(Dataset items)
^^^^^^^^^^^^^^^^

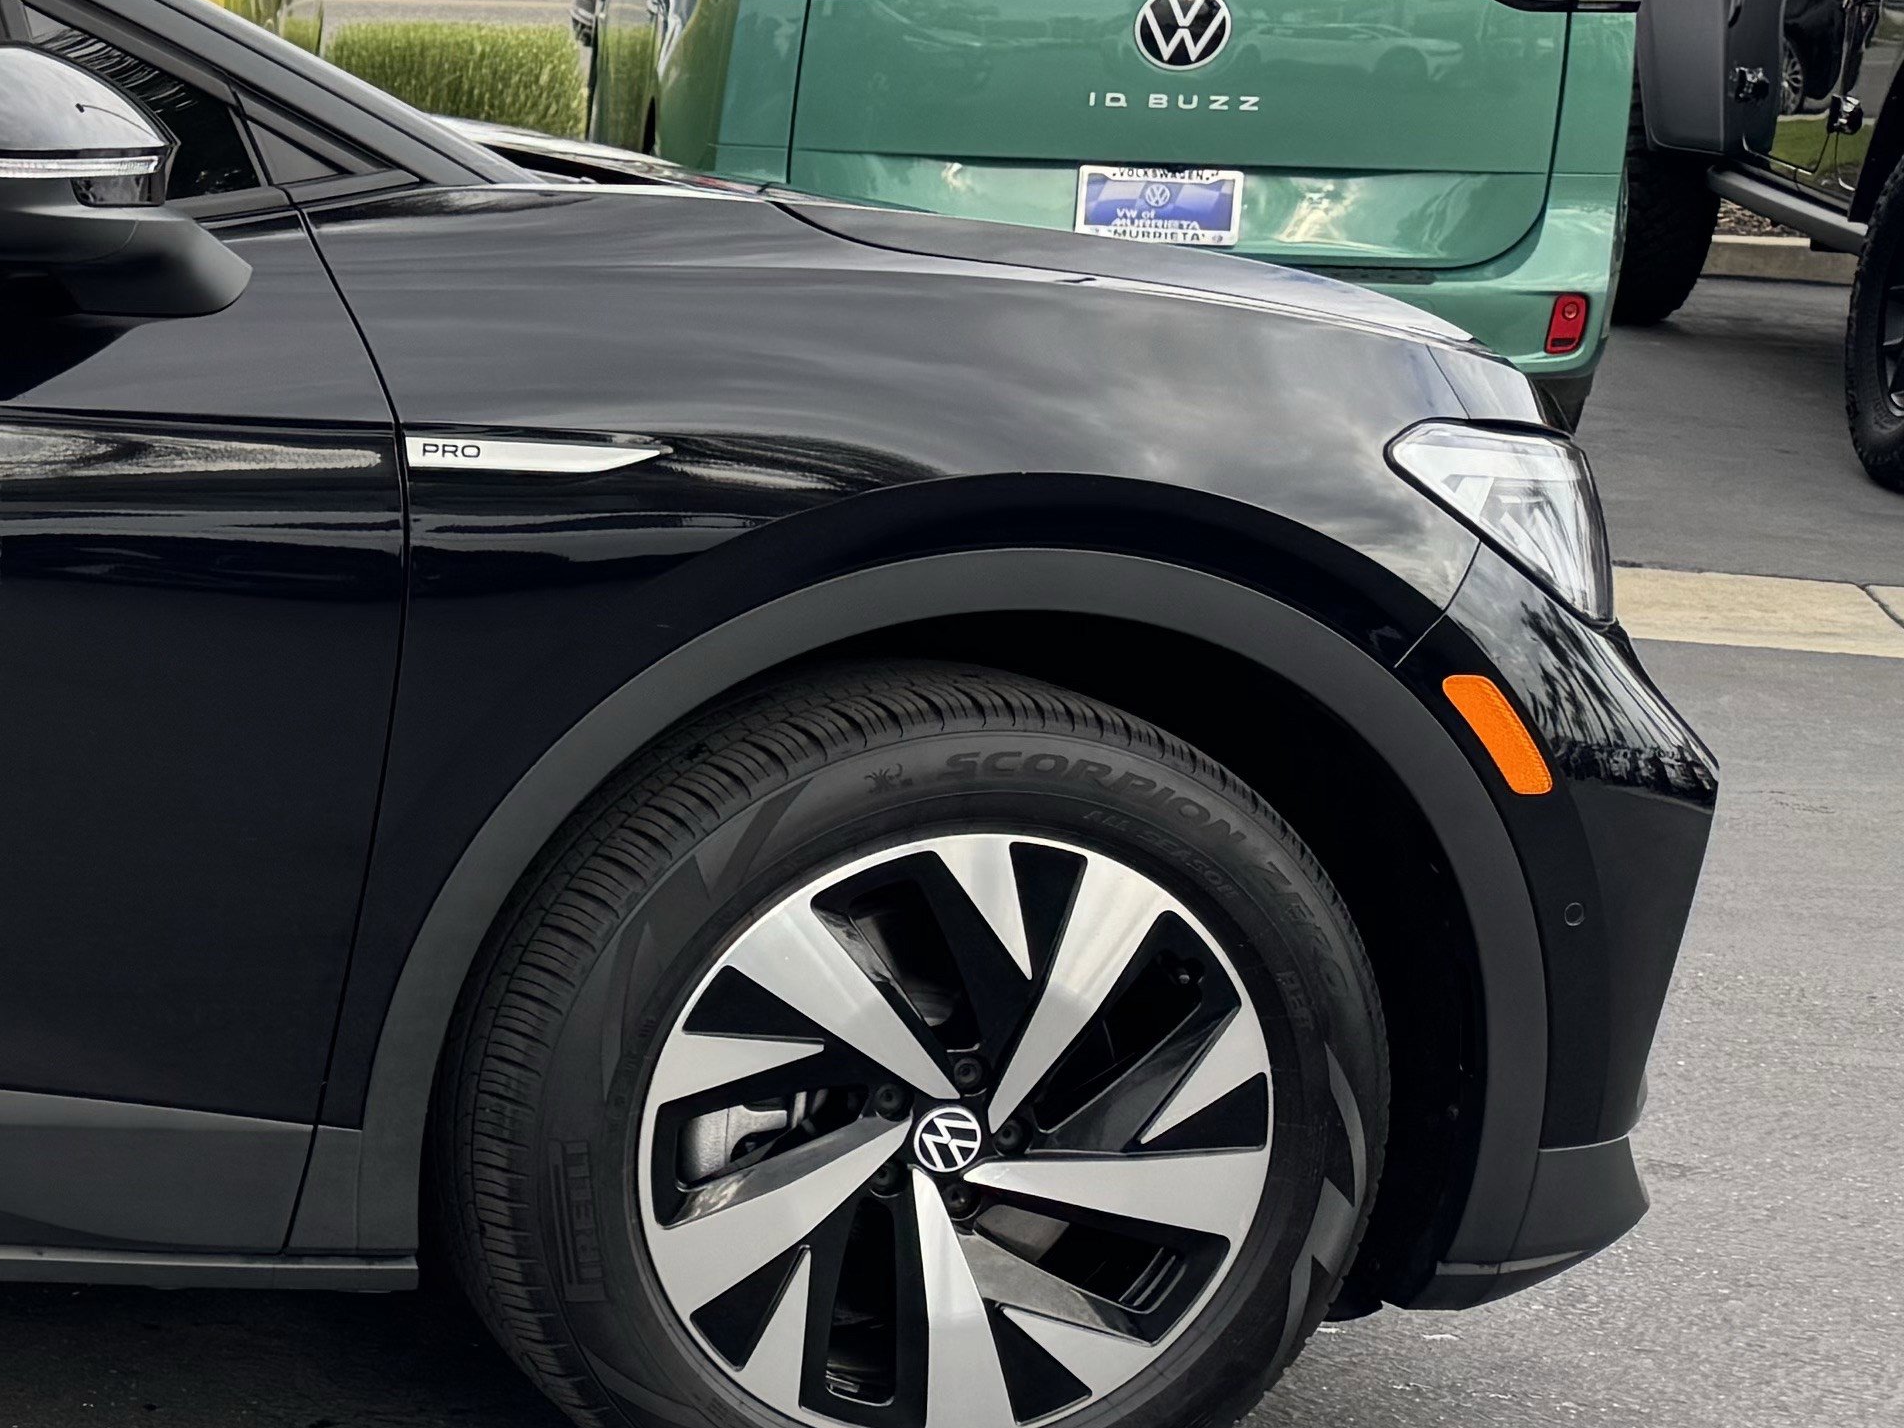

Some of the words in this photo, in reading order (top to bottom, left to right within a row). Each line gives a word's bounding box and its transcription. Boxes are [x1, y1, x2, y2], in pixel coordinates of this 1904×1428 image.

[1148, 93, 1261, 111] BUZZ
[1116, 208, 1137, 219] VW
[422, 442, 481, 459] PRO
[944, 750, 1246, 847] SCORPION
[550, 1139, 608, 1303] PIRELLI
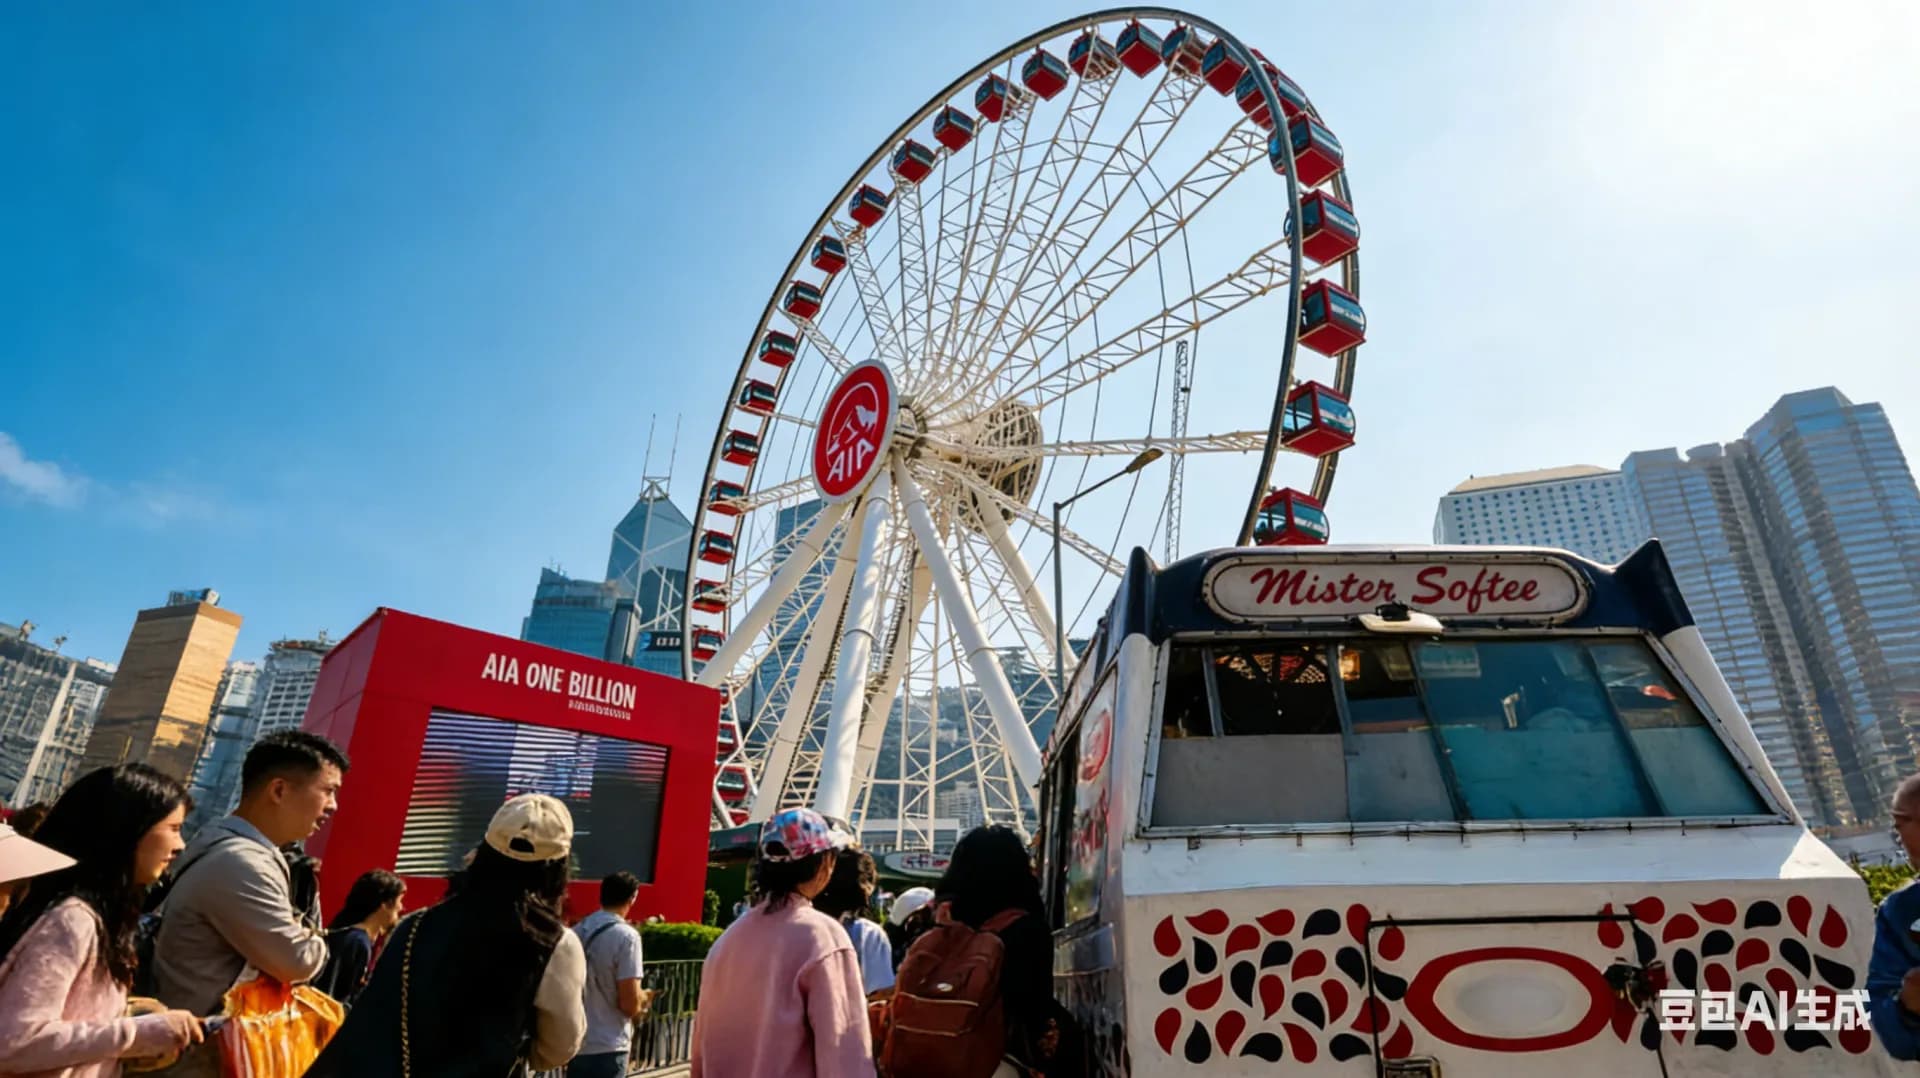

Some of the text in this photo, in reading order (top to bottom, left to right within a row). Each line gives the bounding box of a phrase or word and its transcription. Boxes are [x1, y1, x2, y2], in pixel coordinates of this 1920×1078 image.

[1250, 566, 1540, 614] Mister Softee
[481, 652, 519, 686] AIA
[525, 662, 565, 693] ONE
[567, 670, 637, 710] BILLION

^^^^^^^^^^^^^^^^

- Task to complete -
Retype the lines from the one containing "Some of the text" to the last line above. Change nothing and include no others.

- Task answer -
Some of the text in this photo, in reading order (top to bottom, left to right within a row). Each line gives the bounding box of a phrase or word and its transcription. Boxes are [x1, y1, x2, y2], in pixel coordinates of this 1920×1078 image.

[1250, 566, 1540, 614] Mister Softee
[481, 652, 519, 686] AIA
[525, 662, 565, 693] ONE
[567, 670, 637, 710] BILLION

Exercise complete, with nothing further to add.